# Aim of the exercise
Please give the records below again in full, exactly, with the images left out.

[Images for object localization]
__________

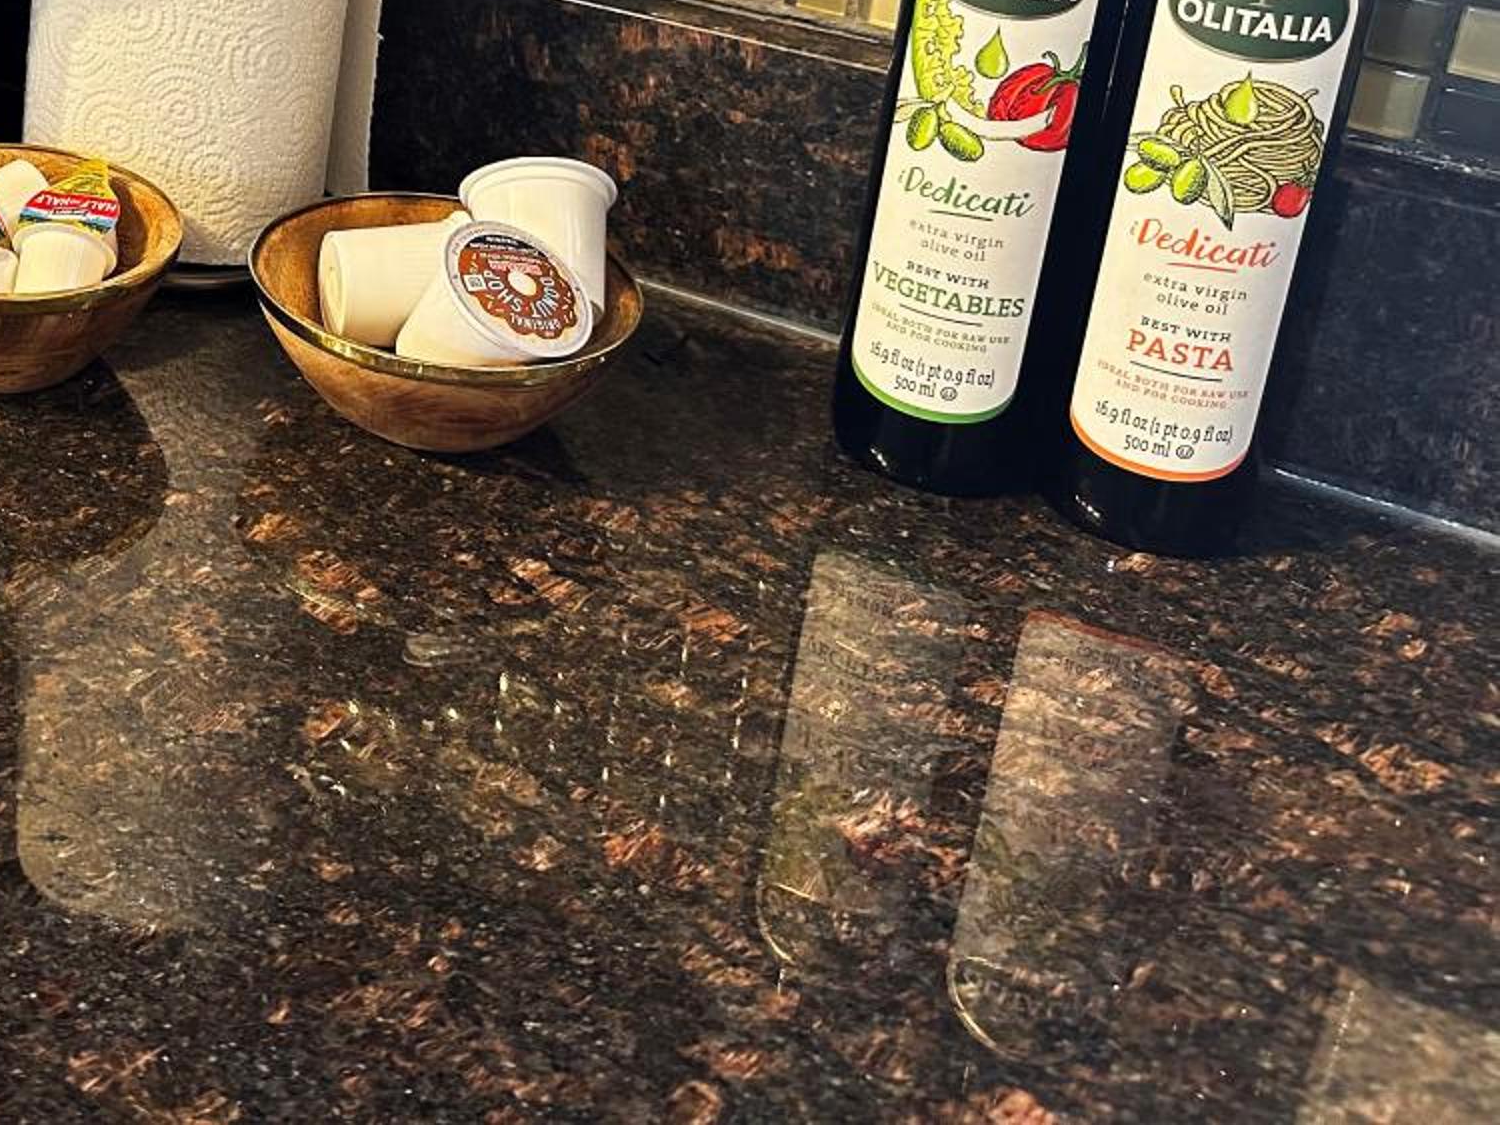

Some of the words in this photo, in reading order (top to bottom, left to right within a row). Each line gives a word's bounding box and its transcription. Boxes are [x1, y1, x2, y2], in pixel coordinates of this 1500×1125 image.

[909, 219, 948, 239] extra
[955, 232, 1004, 250] virgin
[921, 238, 959, 257] olive
[964, 250, 985, 262] oil
[873, 261, 1025, 318] VEGETABLES
[906, 260, 941, 280] BEST
[946, 273, 990, 290] WITH
[1143, 272, 1188, 293] extra
[1194, 284, 1248, 302] virgin
[483, 270, 523, 313] SHOP
[531, 276, 560, 318] DONUT
[1156, 292, 1199, 312] olive
[1205, 303, 1229, 316] oil
[910, 330, 932, 345] FOR
[934, 338, 987, 354] COOKING
[936, 327, 959, 341] FOR
[1140, 315, 1181, 335] BEST
[1186, 328, 1232, 343] WITH
[1125, 328, 1234, 372] PASTA
[894, 374, 917, 392] 500
[918, 382, 936, 398] ml
[901, 356, 915, 372] oz
[926, 364, 941, 382] pt
[943, 368, 963, 386] 0.9
[965, 368, 976, 386] fl
[977, 369, 995, 390] oz)
[1135, 374, 1170, 392] BOTH
[1173, 385, 1198, 397] FOR
[1201, 388, 1227, 399] RAW
[1116, 379, 1140, 393] AND
[1143, 386, 1168, 400] FOR
[1171, 394, 1228, 409] COOKING
[1095, 400, 1119, 424] 16.9
[1120, 408, 1131, 425] fl
[1132, 416, 1148, 432] oz
[1161, 422, 1179, 441] pt
[1180, 426, 1201, 445] 0.9
[1203, 424, 1215, 442] fl
[1215, 423, 1234, 447] oz)
[1124, 434, 1149, 452] 500
[1151, 440, 1171, 458] ml
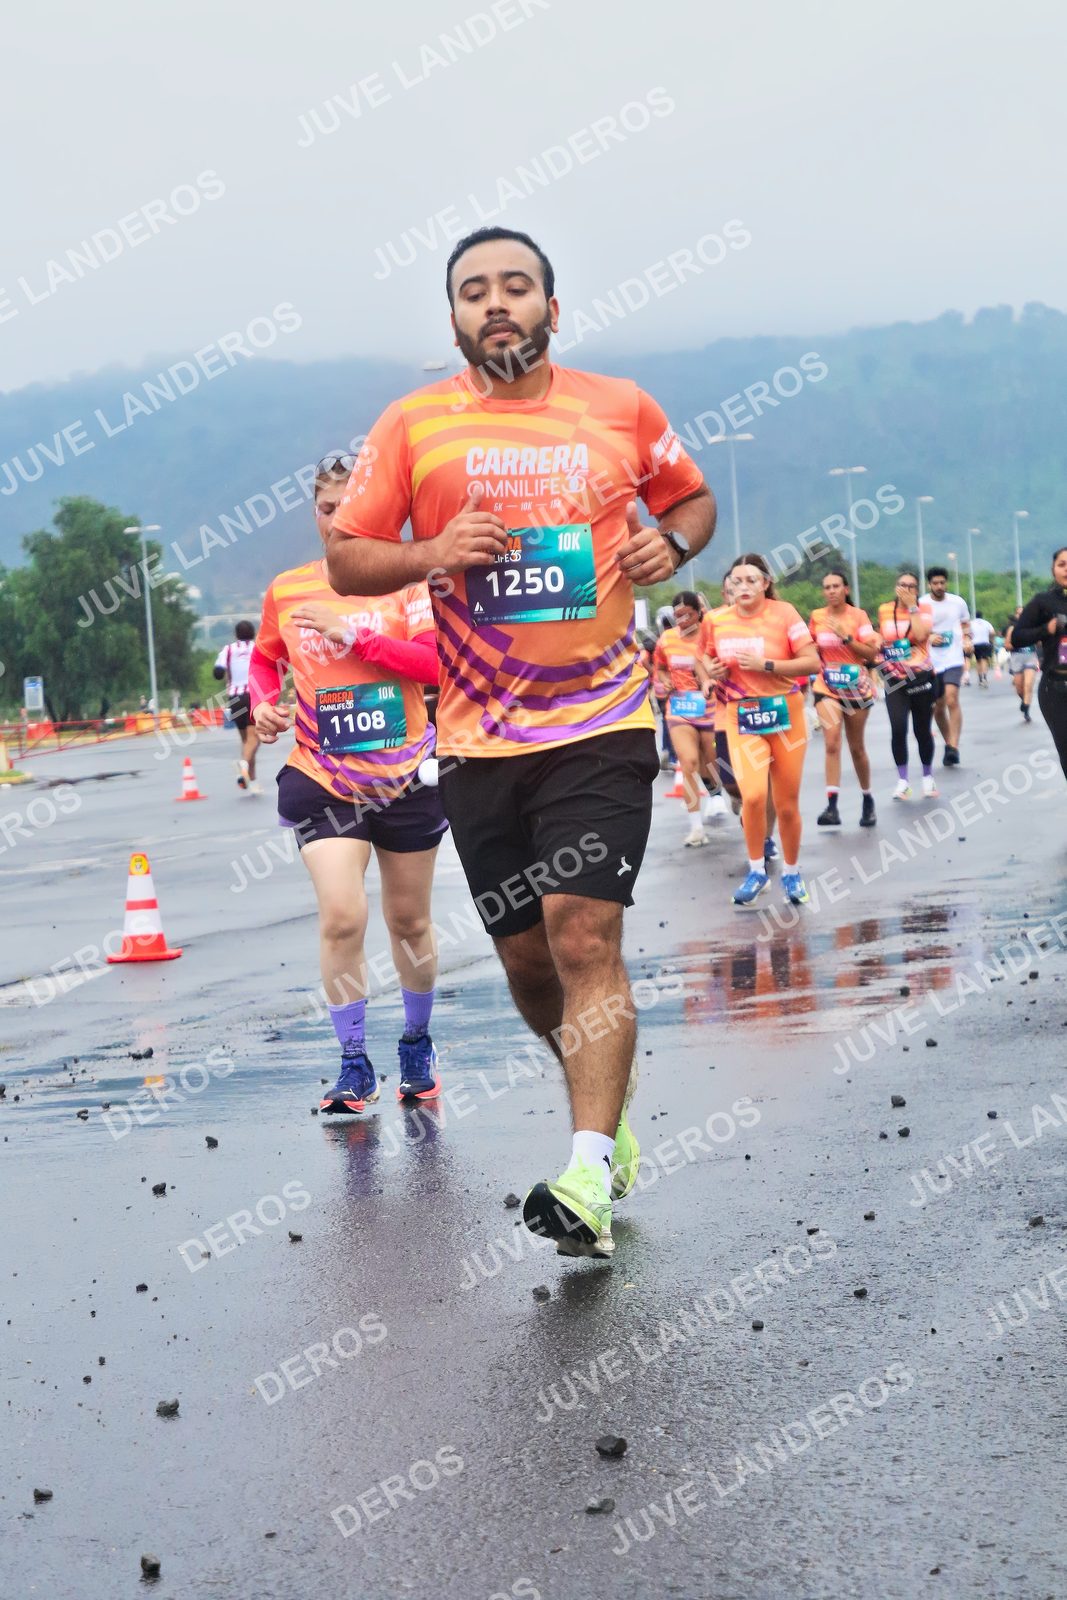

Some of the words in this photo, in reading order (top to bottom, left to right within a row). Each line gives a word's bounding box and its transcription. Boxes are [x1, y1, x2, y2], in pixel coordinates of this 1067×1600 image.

[466, 443, 589, 476] CARRERA
[467, 477, 561, 498] OMNILIFE
[558, 532, 581, 552] 10K
[485, 566, 564, 597] 1250
[319, 691, 354, 705] CARRERA
[378, 686, 395, 700] 10K
[330, 710, 386, 735] 1108
[747, 710, 777, 725] 1567

__________

# Task response
Some of the words in this photo, in reading order (top to bottom, left to right within a row). Each line gives a word's bounding box and its transcription. Boxes are [x1, y1, x2, y2], in pixel coordinates of this 1500×1125 image.

[909, 219, 948, 239] extra
[955, 232, 1004, 250] virgin
[921, 238, 959, 257] olive
[964, 250, 985, 262] oil
[873, 261, 1025, 318] VEGETABLES
[906, 260, 941, 280] BEST
[946, 273, 990, 290] WITH
[1143, 272, 1188, 293] extra
[1194, 284, 1248, 302] virgin
[483, 270, 523, 313] SHOP
[531, 276, 560, 318] DONUT
[1156, 292, 1199, 312] olive
[1205, 303, 1229, 316] oil
[910, 330, 932, 345] FOR
[934, 338, 987, 354] COOKING
[936, 327, 959, 341] FOR
[1140, 315, 1181, 335] BEST
[1186, 328, 1232, 343] WITH
[1125, 328, 1234, 372] PASTA
[894, 374, 917, 392] 500
[918, 382, 936, 398] ml
[901, 356, 915, 372] oz
[926, 364, 941, 382] pt
[943, 368, 963, 386] 0.9
[965, 368, 976, 386] fl
[977, 369, 995, 390] oz)
[1135, 374, 1170, 392] BOTH
[1173, 385, 1198, 397] FOR
[1201, 388, 1227, 399] RAW
[1116, 379, 1140, 393] AND
[1143, 386, 1168, 400] FOR
[1171, 394, 1228, 409] COOKING
[1095, 400, 1119, 424] 16.9
[1120, 408, 1131, 425] fl
[1132, 416, 1148, 432] oz
[1161, 422, 1179, 441] pt
[1180, 426, 1201, 445] 0.9
[1203, 424, 1215, 442] fl
[1215, 423, 1234, 447] oz)
[1124, 434, 1149, 452] 500
[1151, 440, 1171, 458] ml

Some of the words in this photo, in reading order (top to bottom, left to right within a row). Each line gives a word's bounding box and its transcription. Boxes are [x1, y1, x2, y2], in pixel coordinates of this 1067×1600 image.

[466, 443, 589, 476] CARRERA
[467, 477, 561, 498] OMNILIFE
[558, 532, 581, 552] 10K
[485, 566, 564, 597] 1250
[319, 691, 354, 705] CARRERA
[378, 686, 395, 700] 10K
[330, 710, 386, 735] 1108
[747, 710, 777, 725] 1567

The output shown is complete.